He breathed deeply and stared at the mirror. A chubby four-year-old was reflected in the silvered surface. The eyes were unflinching, but the cheeks looked like they were being puffed out. A weak body, restricted by the system from earning a single point of experience - which would have been his most valuable currency for improving himself. What could the person looking back at him actually do?
This urgency was beyond ridiculous. Every moment he still had was to be made to count, but his motto had to be smarter rather than faster . Eleven years, that’s what he had. Time enough to build a stable base; one, that, when he came of age and piled on the experience, could be tempered into a spear that could kill a dragon.
That was what he was about.
No doubts, no being merely good. He would grow and beat the best.
When one looked at those soft unassuming features, the ambitions felt impossible, but Tom knew otherwise. Existentia was a harsh world, but it was also one that gave you opportunities if you were smart enough to seize them.
With his mind centred, he read the book in front of him and noted the critical sentences.
· Extracting information for your status sheet before you turn ten is difficult. There are methods in place to help, but please be aware that they are imprecise and flawed.
· Every Isolation Room contains a ‘Status Reveal Ritual Interface’ to support discovery.
· Discovering unknown areas of your status is best achieved immediately after receiving a notification. DO NOT DELAY. The longer you are away from the incident the less chance you would have of being able to discover the specific change.

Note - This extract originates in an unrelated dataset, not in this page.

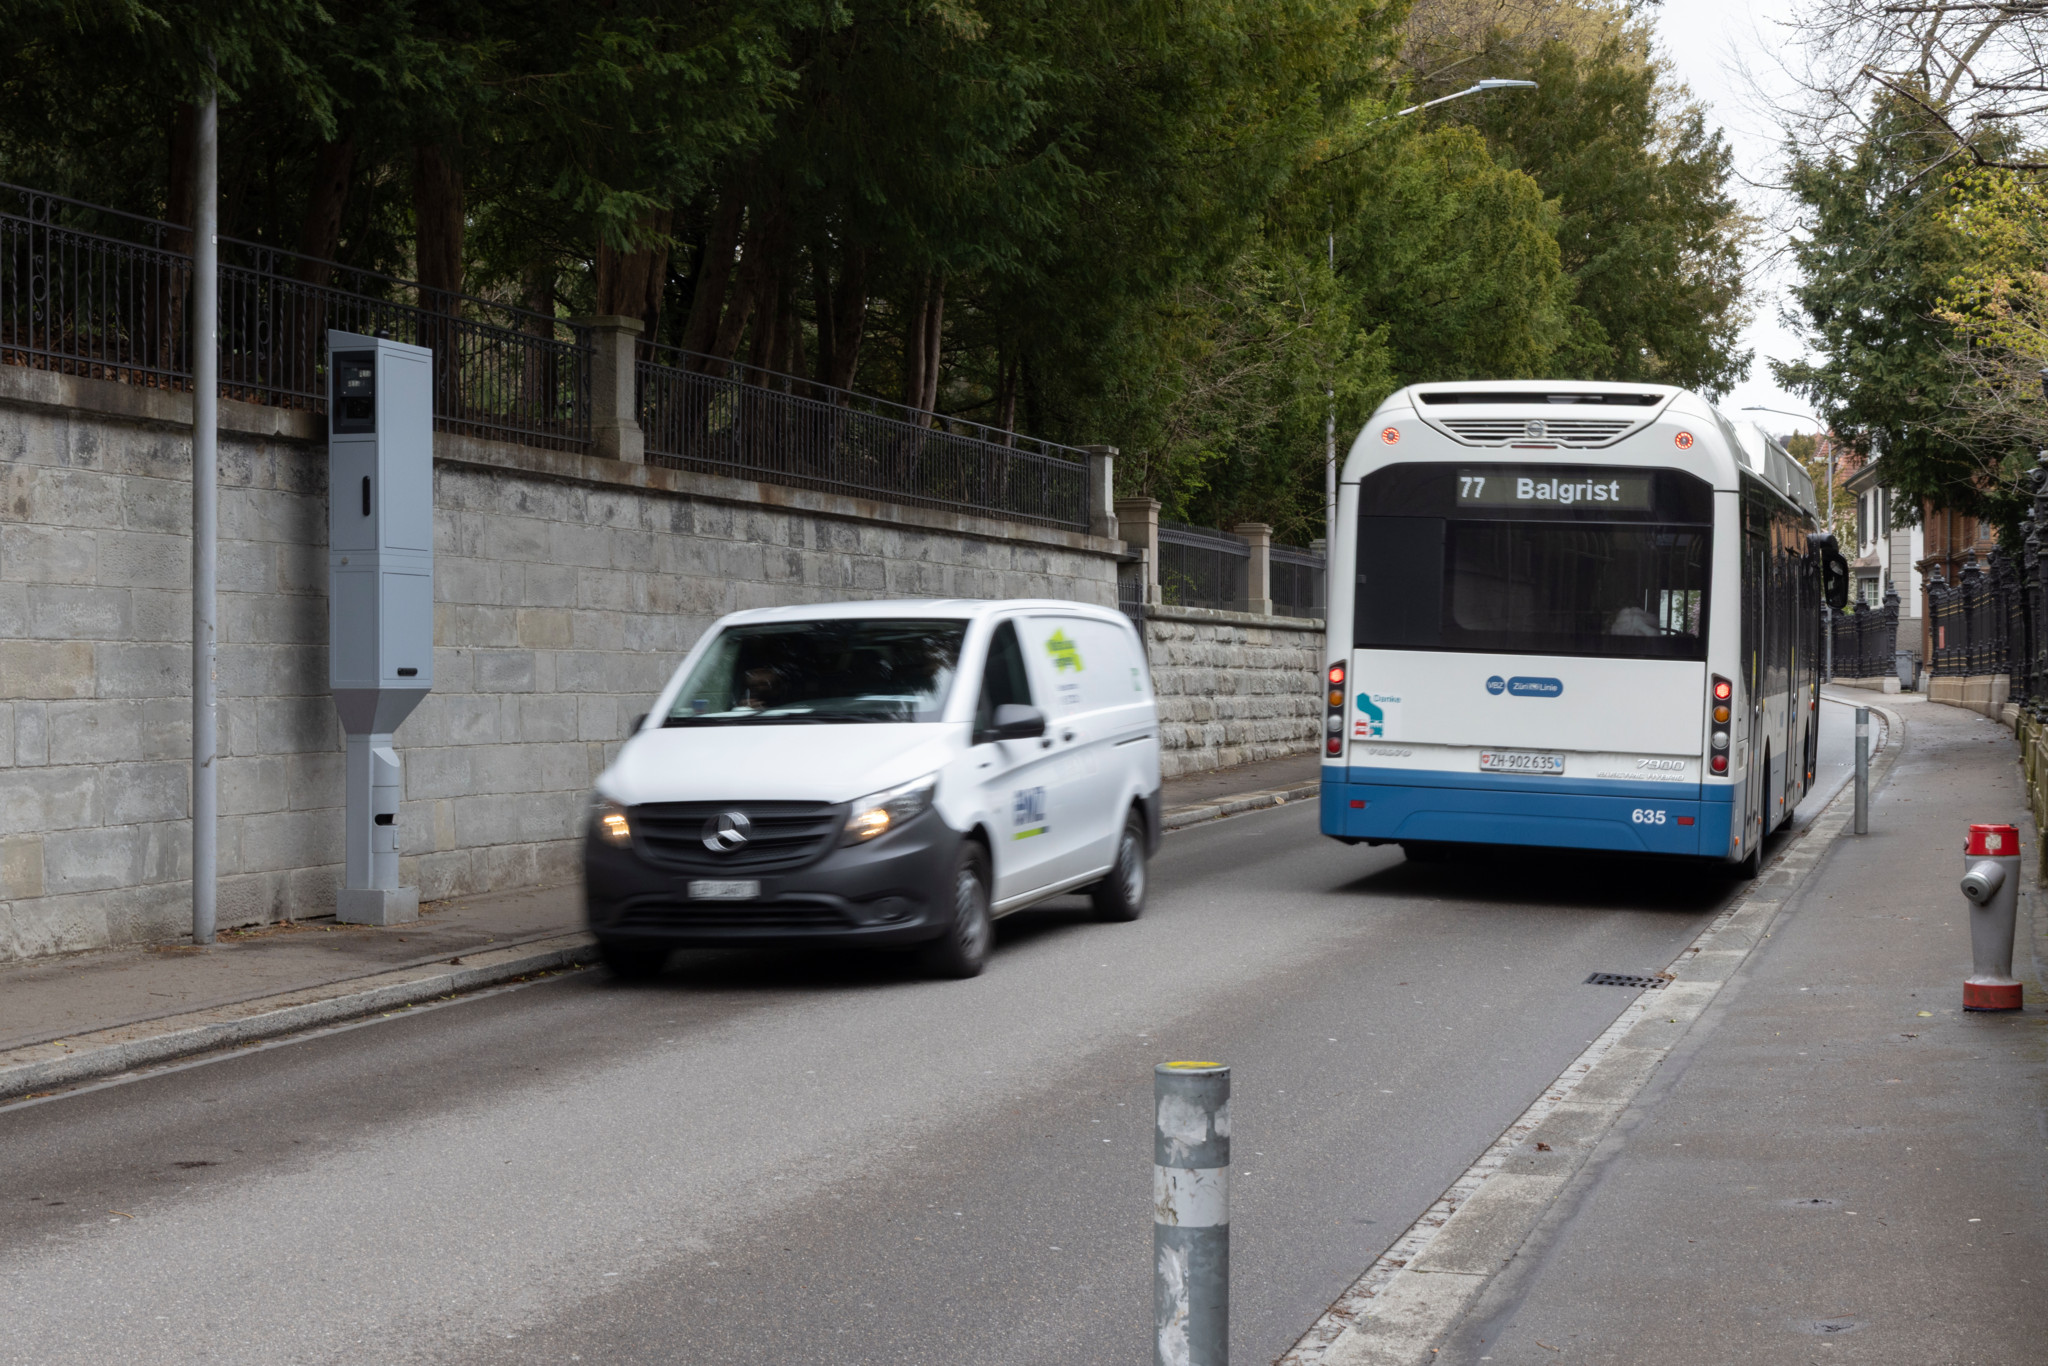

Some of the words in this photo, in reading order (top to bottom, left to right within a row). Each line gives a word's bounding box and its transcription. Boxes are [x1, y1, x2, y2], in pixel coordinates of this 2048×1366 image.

· The ‘Status Reveal Ritual’ requires recent proximity or exact knowledge, and, if either condition is met, will display the component of your status sheet you are after. In practice, this means any ability or title query more than four days after receiving it will be undiscoverable. The discovery period for lower-tiered abilities can be as short as one day.
· Actively using a skill usually counts as recent proximity, but this is not always the case, particularly for tier 0 to 2 abilities.
· Titles or Skills that are downgraded from your first Existentia life are very rarely discoverable before you turn ten.
Tom read through the details and frowned at those implications. It was basically saying that titles and skills that hadn’t changed would be easy for him to display once more, but if any of them had altered their name or been reduced in power, the change would leave them undiscoverable.
It was also not something he could change, so he put the issue out of his mind. If he had minor titles or skills floating around, then they would be a pleasant surprise when he got access to his system room.
With an understanding of what was on offer, he jumped to his feet and hurried over to the dedicated alcove that contained the ritual process. It had a recharge time of slightly under an hour, so, if he didn’t want the next person in the room to know he had used it, then today he would only get one try at this. However, every other future session he would be able to use it twice.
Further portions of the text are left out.